Figure 9.19 shows the basic 2D flat-plate skin-friction coefficient, CF basic, of a fully turbulent flow for local and average values. For a partial laminar flow, the CF basic correction is made using factor f1, given in Figure 9.20. It has been shown that the compressibility effect increases the boundary layer, thus reducing the local CF. However, in LRC until the Mcrit is reached, there is little sensitivity of the CF change with Mach number variations; therefore, the incompressible CF line (i.e., the Mach 0 line in Figure 9.19b) is used. At HSC at the Mcrit and above, the appropriate Mach line is used to account for the compressibility effect.

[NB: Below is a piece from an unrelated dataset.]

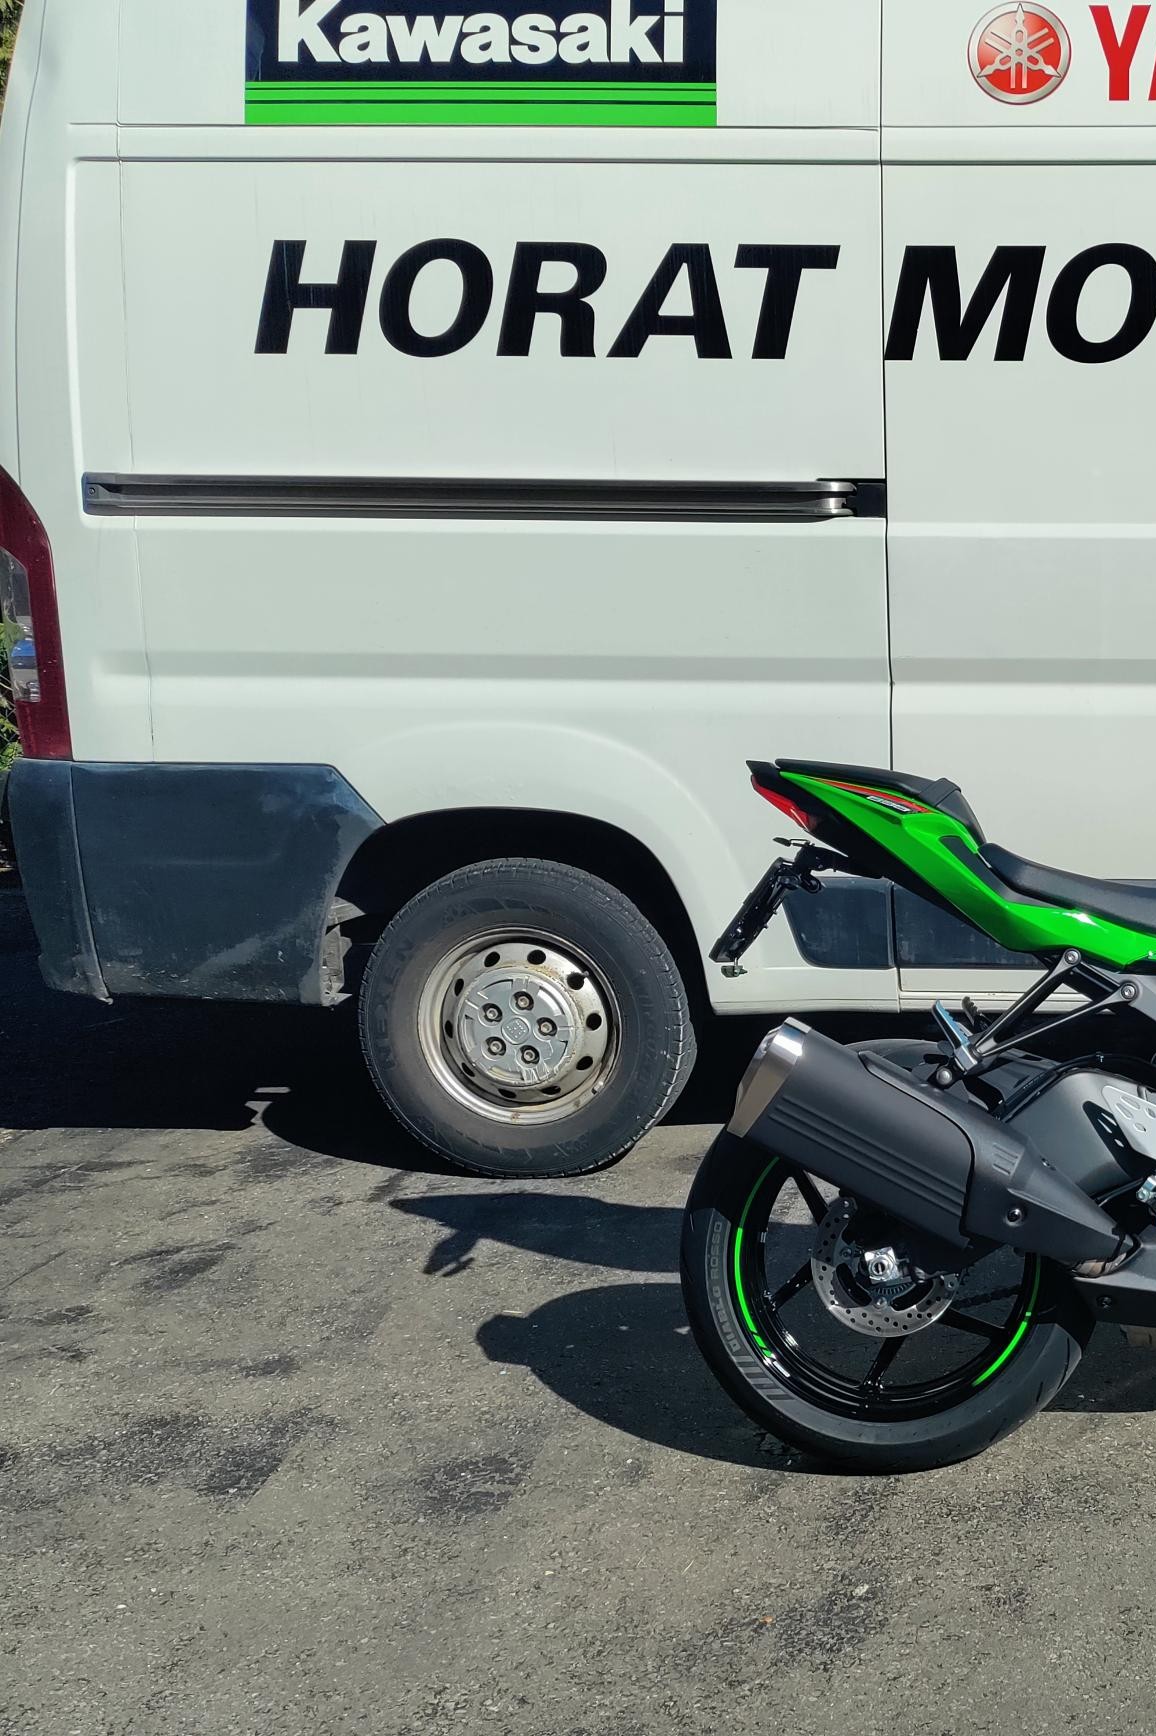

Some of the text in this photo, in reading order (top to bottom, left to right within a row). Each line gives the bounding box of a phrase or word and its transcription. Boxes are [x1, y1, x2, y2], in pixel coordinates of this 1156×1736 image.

The methodology presented herein considers fully turbulent flow from the LE of all components. Here, no credit is taken for drag reduction due to possible laminar flow over a portion of the body and lifting surface. This is because it may not always be possible to keep the aircraft surfaces clear of contamination that would trigger turbulent flow. The certifying agencies recommend this conservative approach.

The basic CF changes with changes in the Re, which depends on speed and altitude of the aircraft. The chapter introduction in Section 9.2 explains that a subsonic aircraft CDpmin computed at LRC would cater to the full flight envelope during Phase 1 of a project.

9.7.2 Computation of Wetted Areas

Computation of the wetted area, Aw , of the aircraft component is shown herein. Skin friction is generated on that part of the surface over which air flows, the socalled wetted area.

Lifting Surfaces

These are approximate to the flat surfaces, with the wetted area slightly more than twice the reference area due to some thickness. Care is needed in removing the areas at intersections, such as the wing area buried in the fuselage. A factor k is used to obtain the wetted area of lifting surfaces, as follows:

Aw = k × (reference area, S − the area buried in the body),

where k = 2.02 for t/c = 0.08%

=2.04 for t/c = 0.12%

=2.06 for t/c = 0.16%

The factor k may be interpolated linearly for other t/c ratios.

Fuselage

The fuselage is divided conveniently into sections – typically, for civil transport aircraft, into a constant cross-section mid-fuselage with varying cross-section frontand aft-fuselage closures. The constant cross-section mid-fuselage barrel has a wetted area of Aw f mid = perimeter × length.

The forwardand aft-closure cones could be sectioned more finely, treating each thin section as a constant section “slice.” A military aircraft is unlikely to have a constant cross-section barrel, and its wetted area must be computed in this way. The wetted areas must be excluded where the wing and empennage join the fuselage or for any other considerations.